The kind of massive 3D printers the team of researchers is developing can build as much as a 2500-foot house which would take up to 24 hours only. The equipment will have a nozzle attached to it that will be able to secrete high-quality concrete material. Khoshnevis refers to this advanced process as Contour Crafting.
Architectural flexibility in the process allows the construction of buildings that would not have to be as homogenous as we are used to seeing. The desired architectural design will be directly fed to the machine and the building will begin being built, layer by layer.
What makes this even more exciting is the fact that besides the construction work, automatic reinforcement, automatic electric network installation, plumbing work, tiling and painting using inkjet printers can be conveniently done.

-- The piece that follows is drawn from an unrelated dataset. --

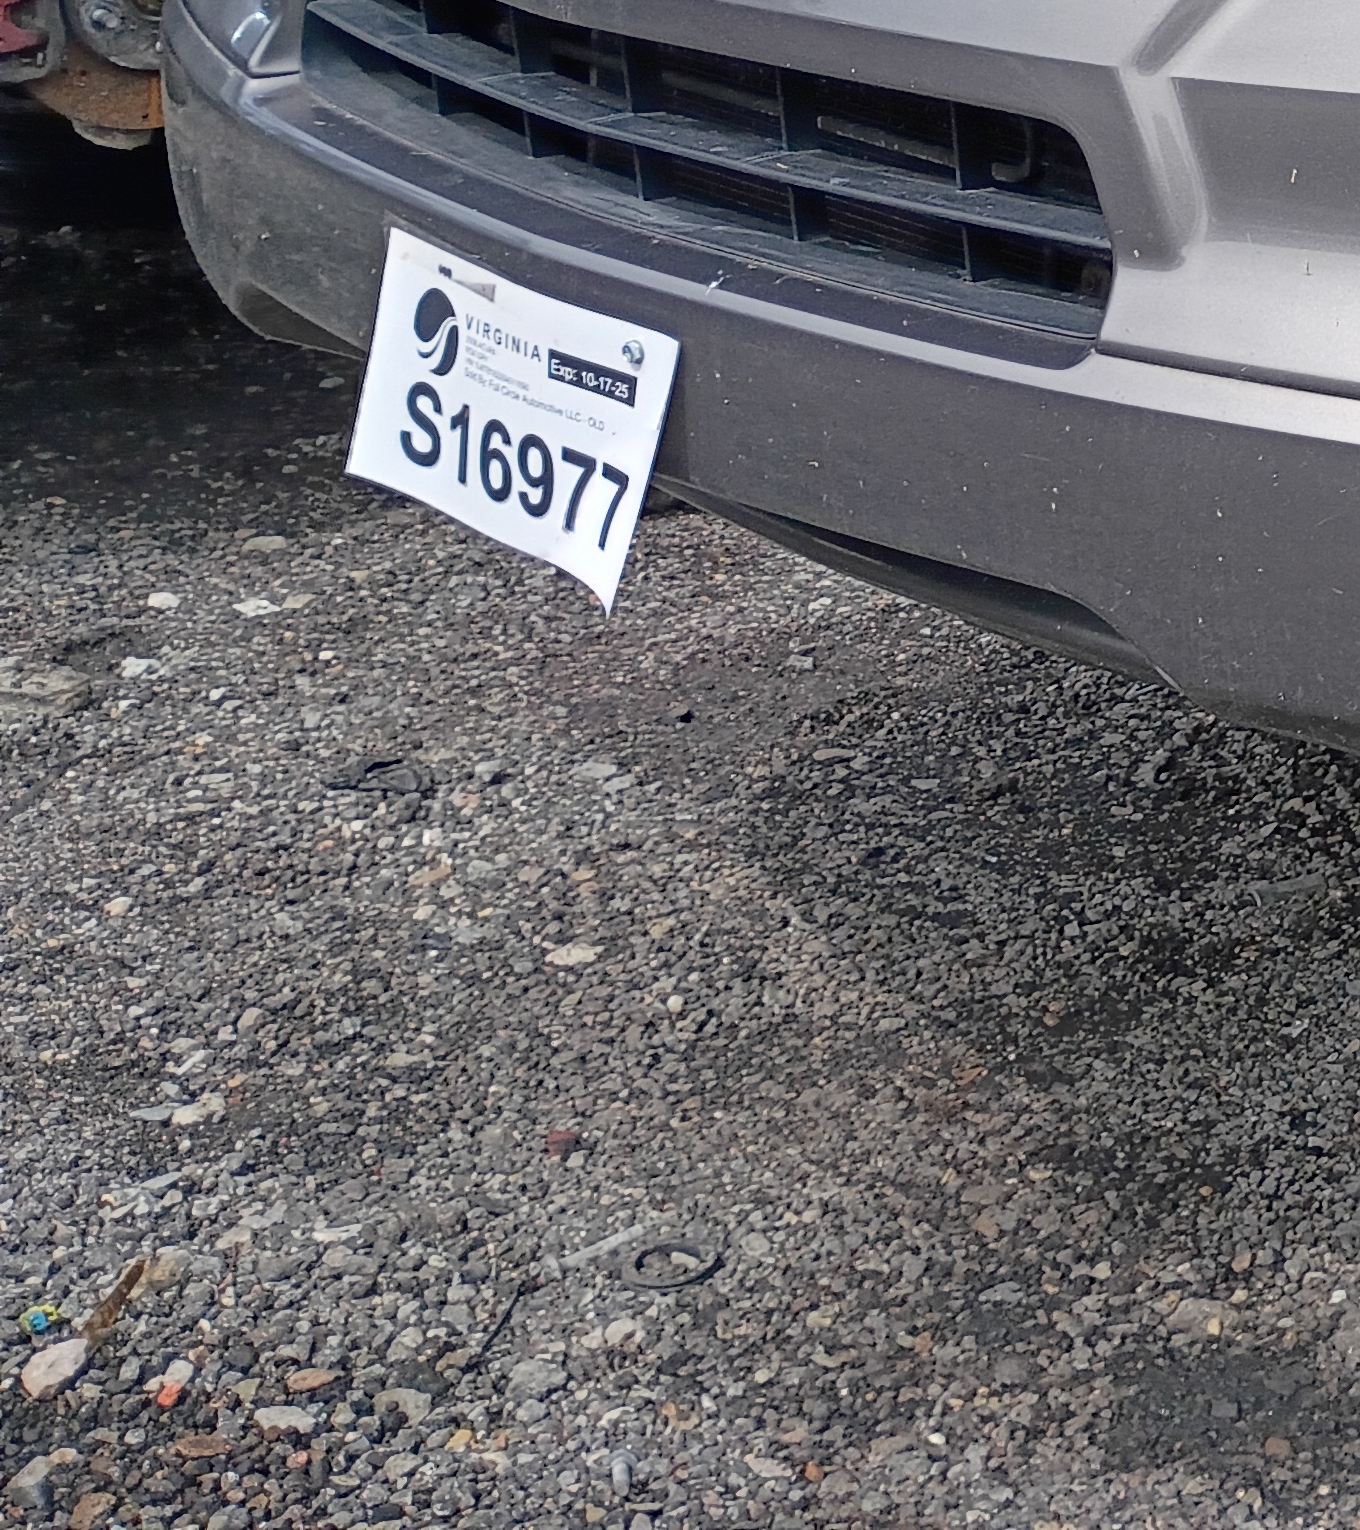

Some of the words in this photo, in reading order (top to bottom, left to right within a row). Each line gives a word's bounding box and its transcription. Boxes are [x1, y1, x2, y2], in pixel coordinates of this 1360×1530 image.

Moreover, the lighter, hollow walls used will save material costs and sport good heat conduction. Make no mistake about the strength, though; they clock in at nearly 10000 psi. This explains why the process is so time-efficient, cost-efficient and so much safer than the conventional methods used these days.
It is important to note that NASA is backing the project so as to ensure the construction of 3D printers that produce lunar structures eg. support walls and radiation protection walls. Khoshnevis is confident that the project will create a lot of new jobs as well. So then, when are you getting your technologically advanced house built?